Every record is to be copied unchanged, except that its pictures are removed.
-------- MATERIAL FOR THE TASK
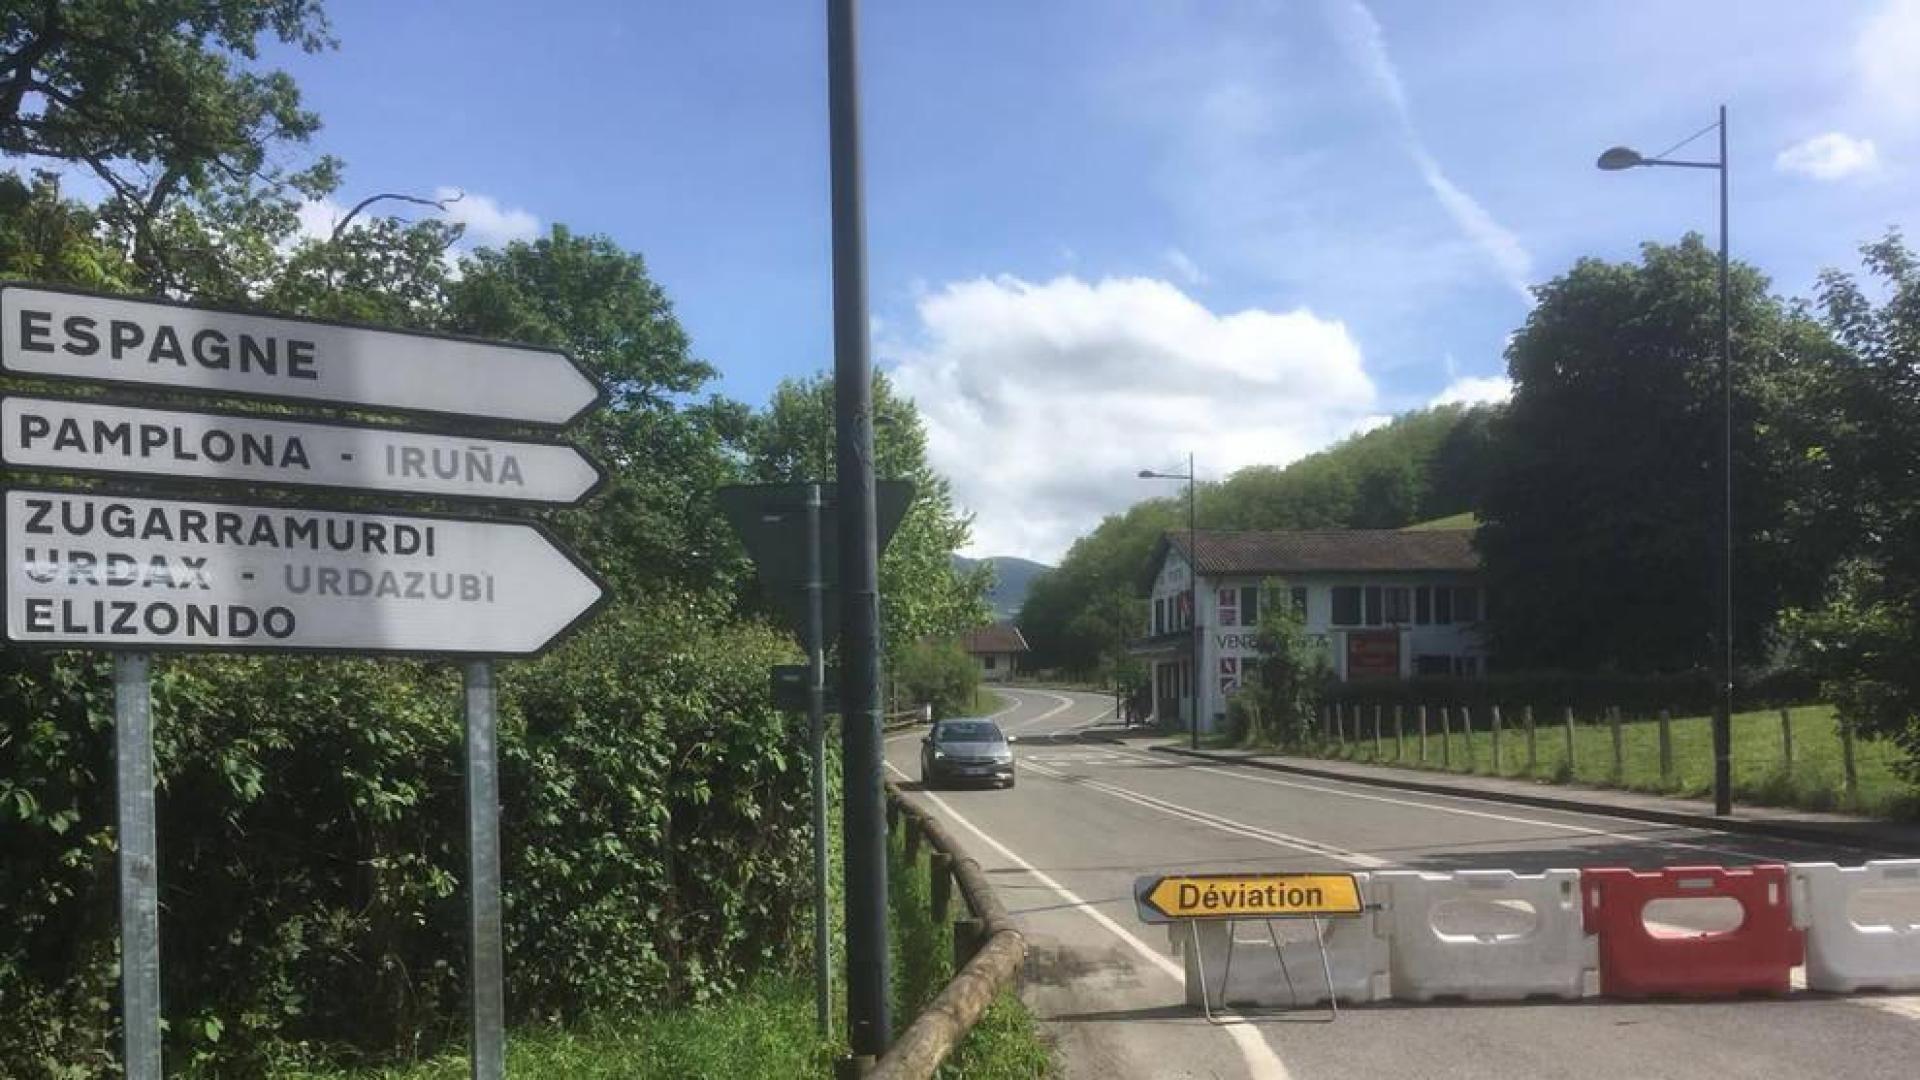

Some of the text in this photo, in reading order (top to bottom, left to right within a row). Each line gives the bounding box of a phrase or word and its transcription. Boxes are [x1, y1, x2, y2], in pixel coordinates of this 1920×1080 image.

[20, 309, 319, 381] ESPAGNE
[20, 414, 311, 471] PAMPLONA
[386, 445, 524, 486] IRUÑA
[25, 500, 435, 556] ZUGARRAMURDI
[25, 547, 211, 590] URDAX
[284, 564, 495, 603] URDAZUBI
[25, 599, 296, 639] ELIZONDO
[1178, 883, 1323, 910] Déviation
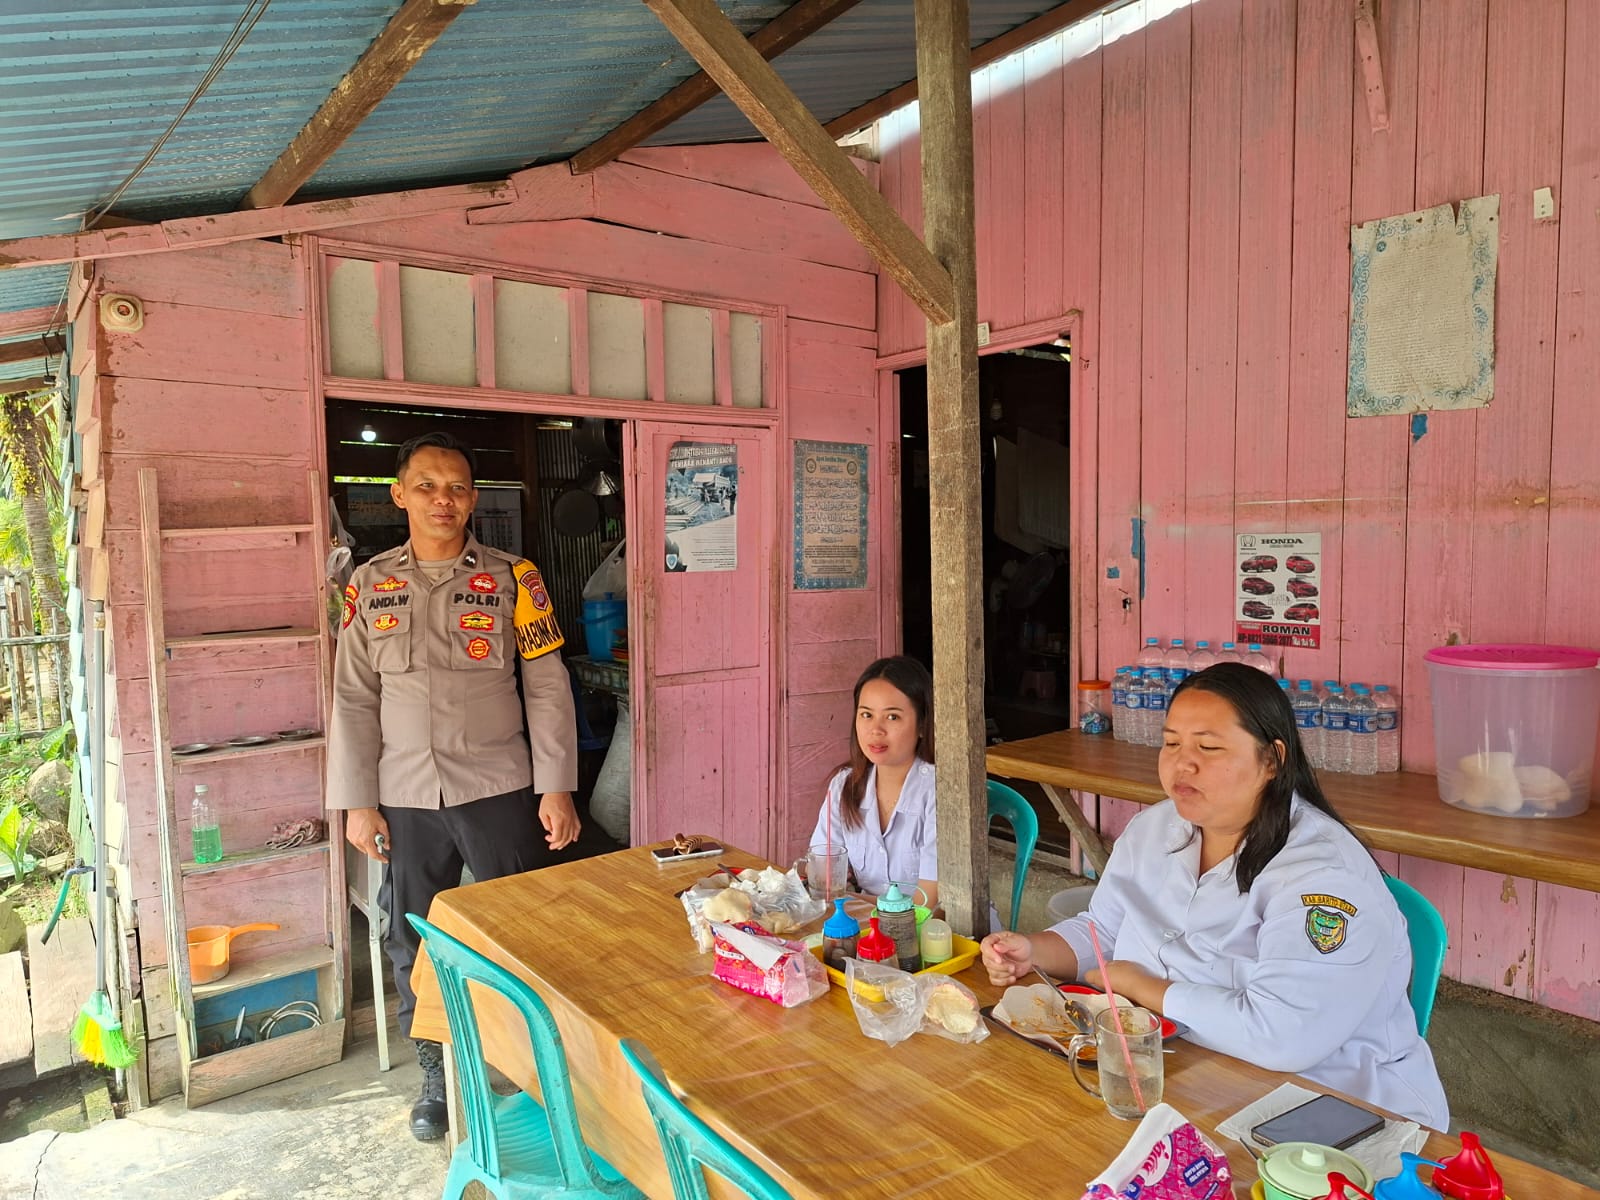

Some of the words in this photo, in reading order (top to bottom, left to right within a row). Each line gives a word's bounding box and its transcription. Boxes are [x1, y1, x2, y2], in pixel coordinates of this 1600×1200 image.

[369, 594, 409, 610] ANDI.W
[454, 593, 500, 607] POLRI
[1262, 624, 1311, 635] ROMAN
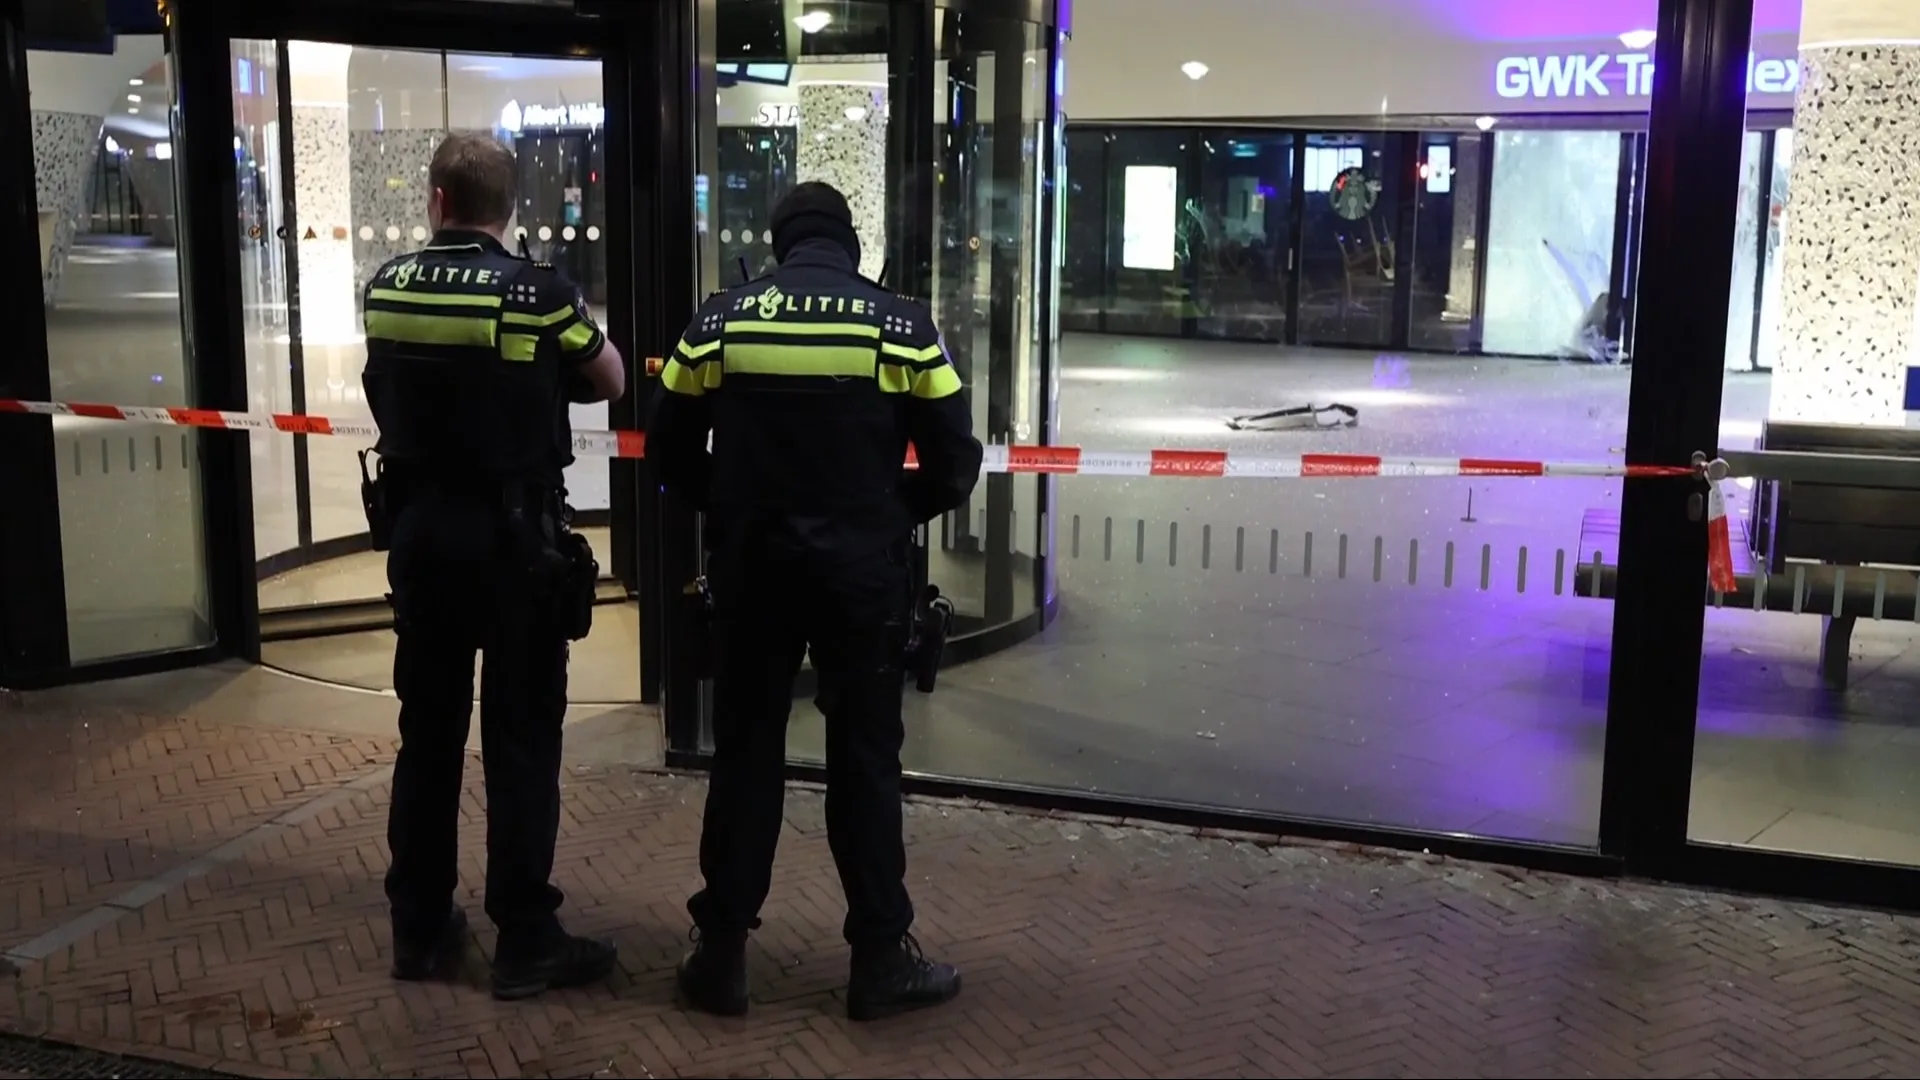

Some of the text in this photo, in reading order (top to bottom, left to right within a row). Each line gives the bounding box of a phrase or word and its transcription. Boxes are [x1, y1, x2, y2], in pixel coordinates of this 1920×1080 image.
----------------
■ **SOLUTION FOR THIS EXERCISE**:
Some of the text in this photo, in reading order (top to bottom, left to right within a row). Each line gives the bounding box of a phrase or word and its transcription. Boxes are [x1, y1, x2, y2], in pixel coordinates of this 1920×1080 image.

[20, 309, 319, 381] ESPAGNE
[20, 414, 311, 471] PAMPLONA
[386, 445, 524, 486] IRUÑA
[25, 500, 435, 556] ZUGARRAMURDI
[25, 547, 211, 590] URDAX
[284, 564, 495, 603] URDAZUBI
[25, 599, 296, 639] ELIZONDO
[1178, 883, 1323, 910] Déviation

Some of the words in this photo, in reading order (top to bottom, left to right within a row). Each line gives a word's bounding box and its transcription. Boxes are [x1, y1, x2, y2], in pixel coordinates of this 1600×1200 image.

[369, 594, 409, 610] ANDI.W
[454, 593, 500, 607] POLRI
[1262, 624, 1311, 635] ROMAN

Some of the text in this photo, in reading order (top to bottom, left to right within a row). Each line gives the bounding box of a phrase or word and its transcription. Boxes are [x1, y1, x2, y2], in pixel coordinates of this 1920×1080 image.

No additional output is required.